Volvo Cars said on Monday that global vehicle sales fell 14% year-on-year in July to 49,273 units, extending a five-month decline amid softening demand for electric and plug-in hybrid models.
The latest drop follows a 12% year-on-year decline in June, when the carmaker sold 62,858 vehicles.
May and April saw similar contractions, with sales falling 12% and 11% respectively to 59,822 and 58,881 units. In March, global sales totaled 70,737 vehicles, down 10% compared to the same period last year.
The July decline was led by continued weakness in electrified vehicles.
Sales of fully electric cars dropped 26% to 10,511 units, while plug-in hybrid deliveries fell 21% to 11,461. Together, these models accounted for 45% of total sales last month, down from 51% a year earlier.
Sales of mild hybrid and internal combustion engine vehicles registered a smaller 8% drop to 27,301 units.
Over the first seven months of the year, fully electric vehicle sales declined 23% to 80,722 units.
“The demand remains under pressure from the macroeconomic environment, tariff-related uncertainties and tougher competition,” CEO Håkan Samuelsson said in mid-July following the release of second-quarter results.
In July, fully electric cars represented 21% of Volvo’s total sales, while plug-in hybrids accounted for 23%.
The XC60 remained the company’s best-selling model during the month, with 16,813 units sold—up from 15,577 a year earlier.
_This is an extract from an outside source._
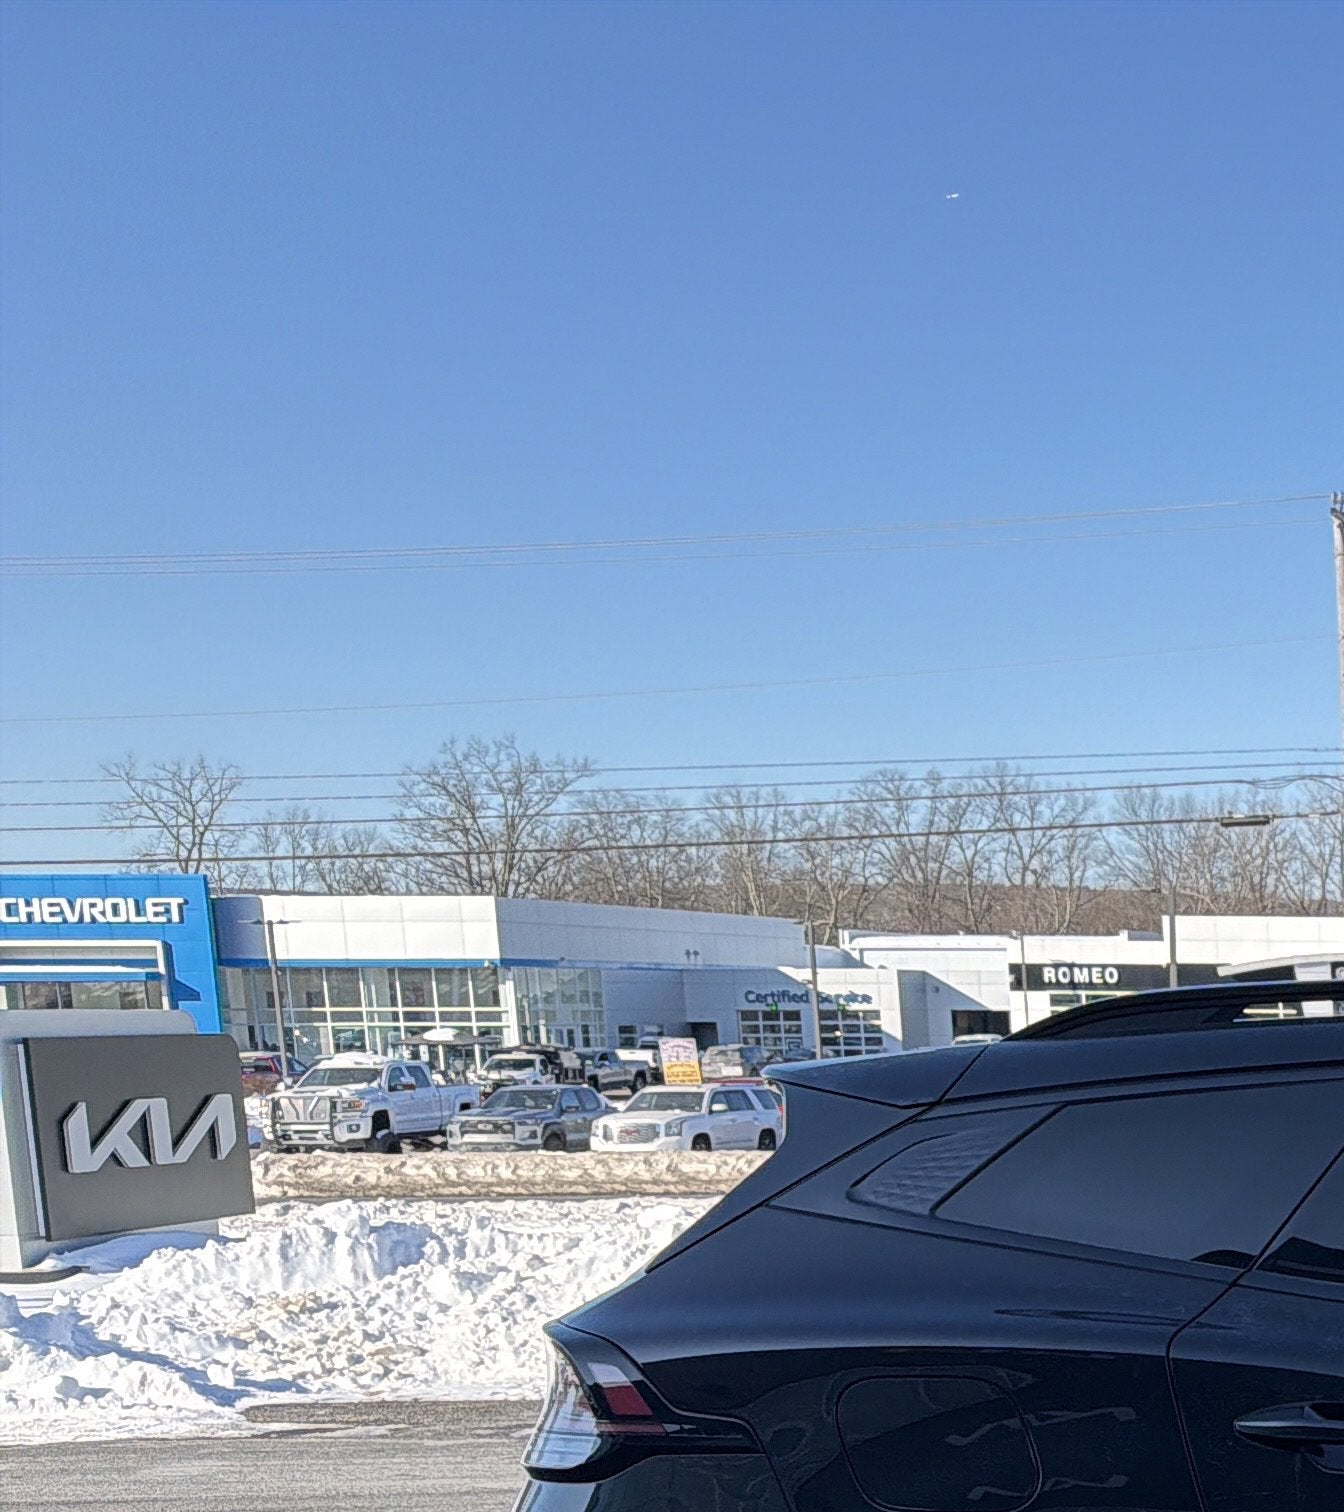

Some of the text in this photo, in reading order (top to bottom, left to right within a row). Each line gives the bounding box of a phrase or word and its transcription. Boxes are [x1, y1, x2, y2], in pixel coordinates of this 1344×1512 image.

It was followed by the XC40/EX40 with 12,087 units (down from 13,818), and the XC90 with 7,266 units (down from 8,146).
The sales slowdown comes shortly after Volvo posted an operating loss of SEK 10.0 billion ($1.04 billion) for the second quarter—its first quarterly loss since going public in 2021—due to restructuring charges and non-cash impairments.
That compares to an operating profit of SEK 1.9 billion ($195 million) in the first quarter.
Second-quarter deliveries rose 5.4% sequentially to 181,561 units but were still down 11.6% from a year earlier.